◆ **Exercise requirements**
Please retype the entries that follow exactly as they are, leaving the images behind.

[[ Records for processing, beginning ]]

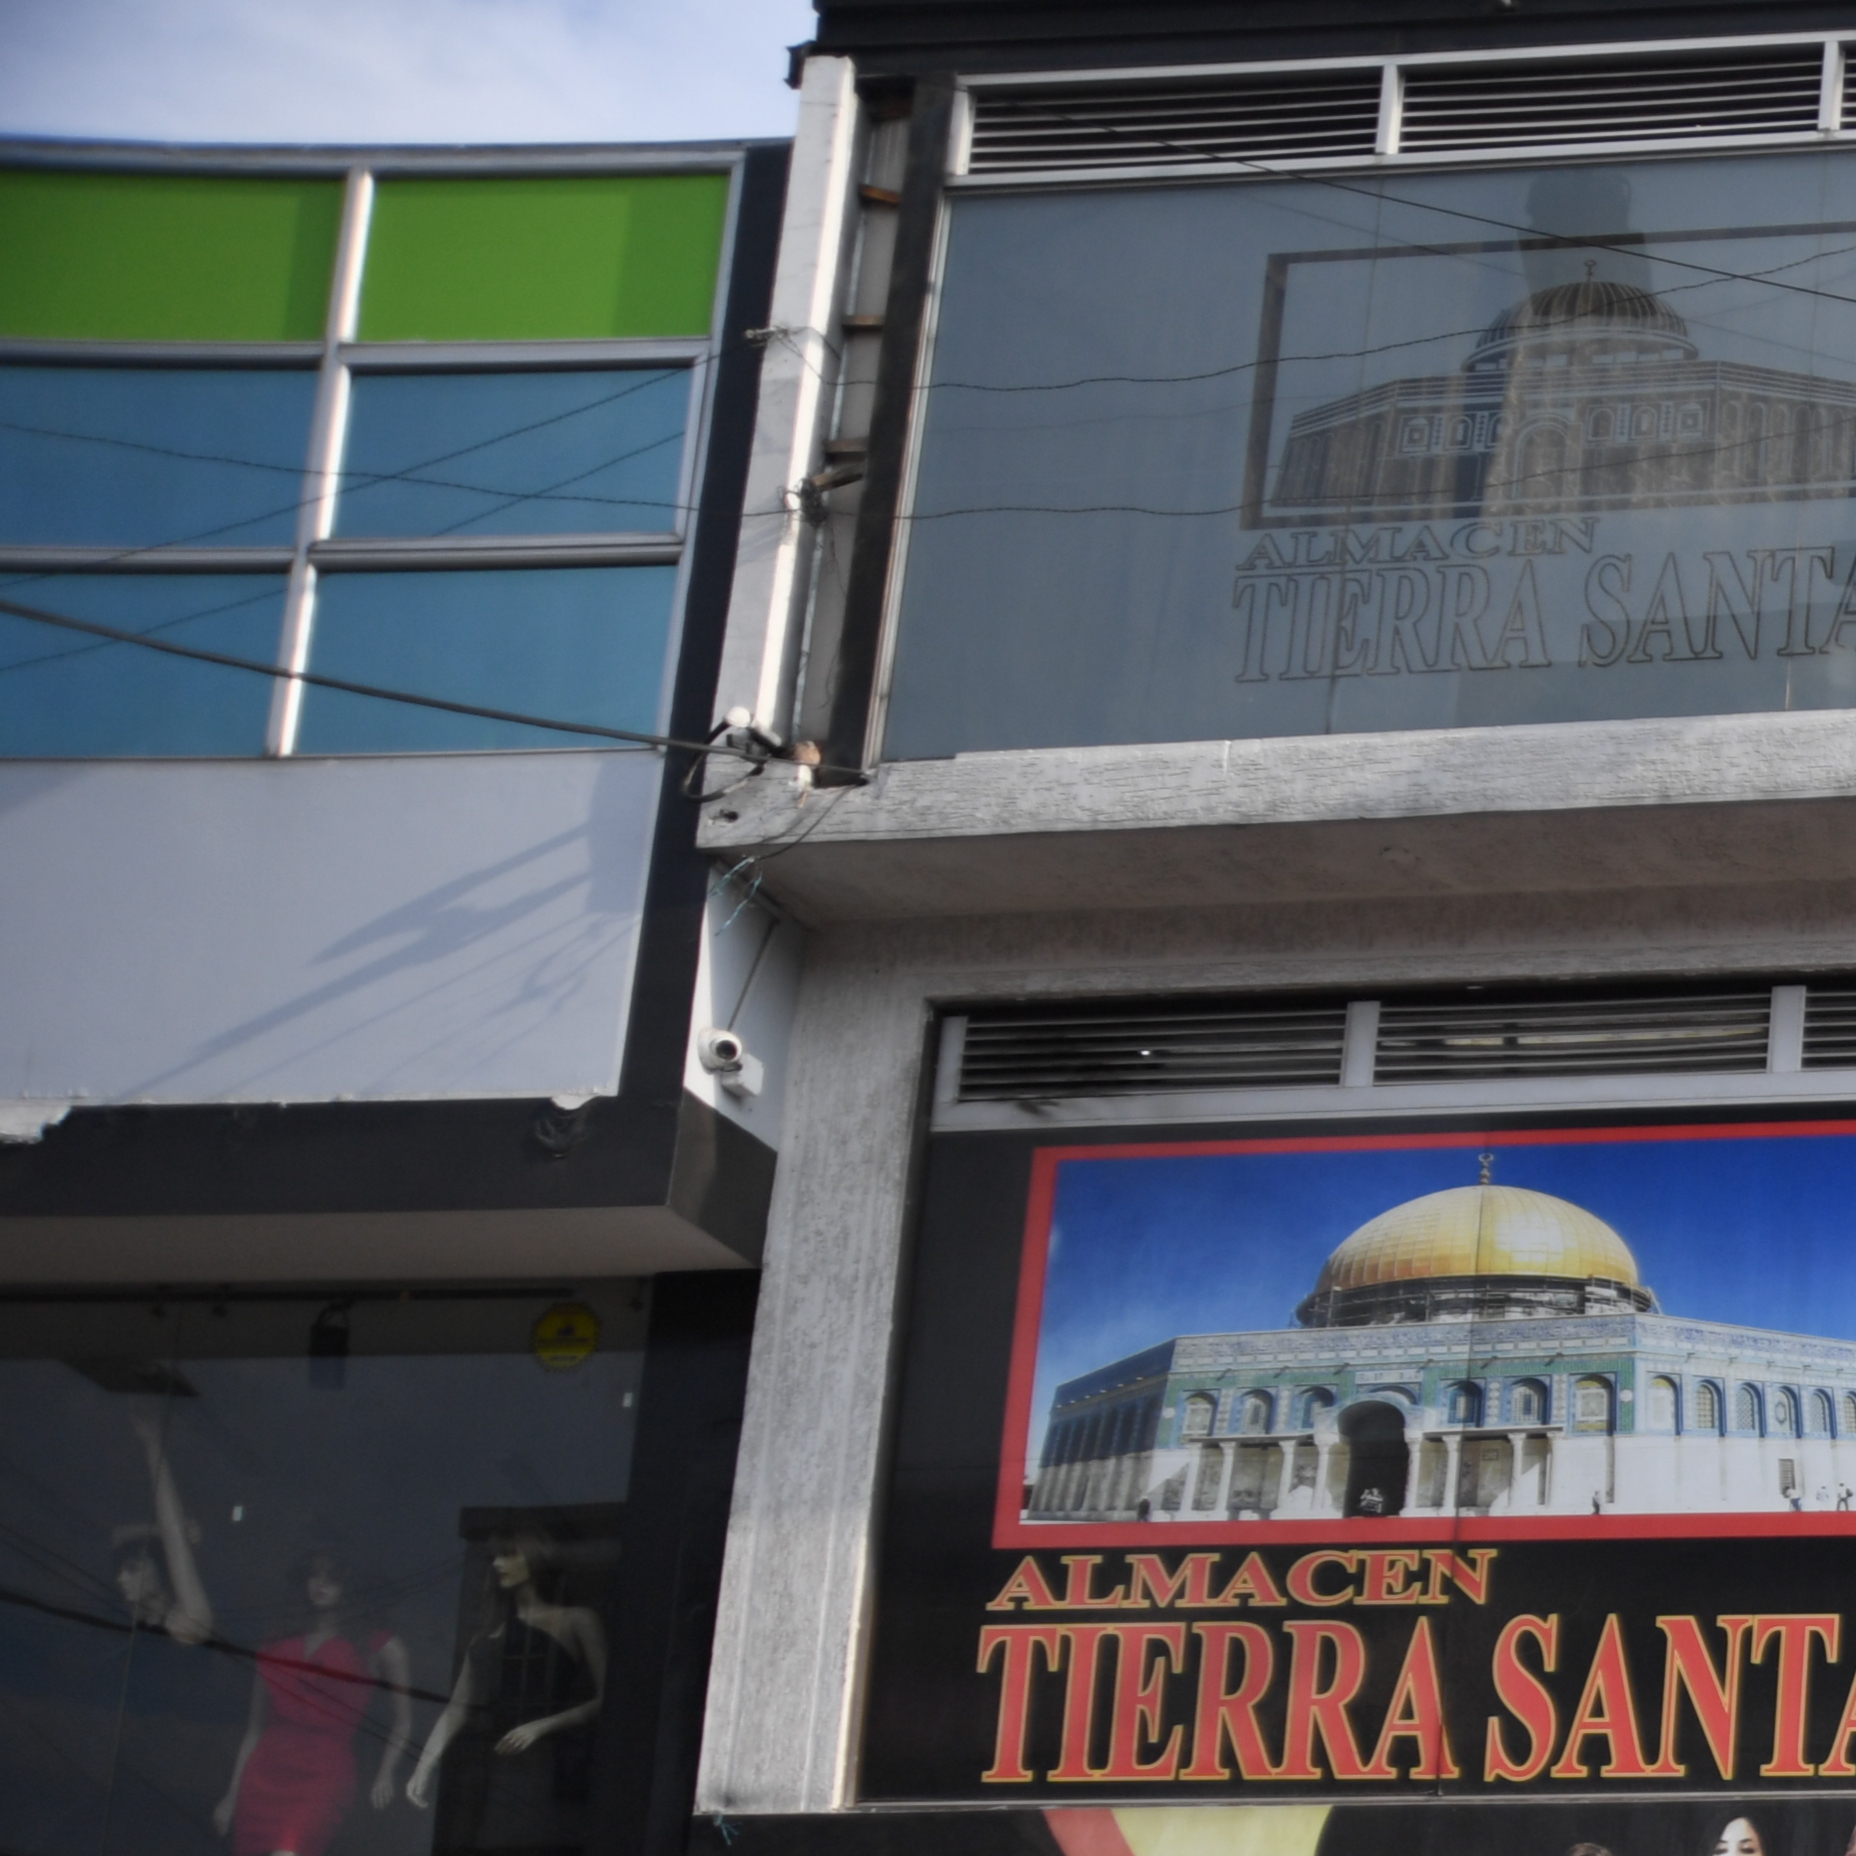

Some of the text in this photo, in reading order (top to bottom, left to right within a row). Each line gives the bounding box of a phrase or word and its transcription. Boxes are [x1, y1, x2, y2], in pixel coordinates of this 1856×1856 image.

[1236, 516, 1600, 572] ALMACEN
[1232, 556, 1552, 682] TIERRA
[985, 1548, 1498, 1611] ALMACEN
[976, 1614, 1459, 1784] TIERRA

[[ Records for processing, end ]]

◆ **Task response**
Some of the text in this photo, in reading order (top to bottom, left to right within a row). Each line gives the bounding box of a phrase or word and its transcription. Boxes are [x1, y1, x2, y2], in pixel coordinates of this 1856×1856 image.

[1236, 516, 1600, 572] ALMACEN
[1232, 556, 1552, 682] TIERRA
[985, 1548, 1498, 1611] ALMACEN
[976, 1614, 1459, 1784] TIERRA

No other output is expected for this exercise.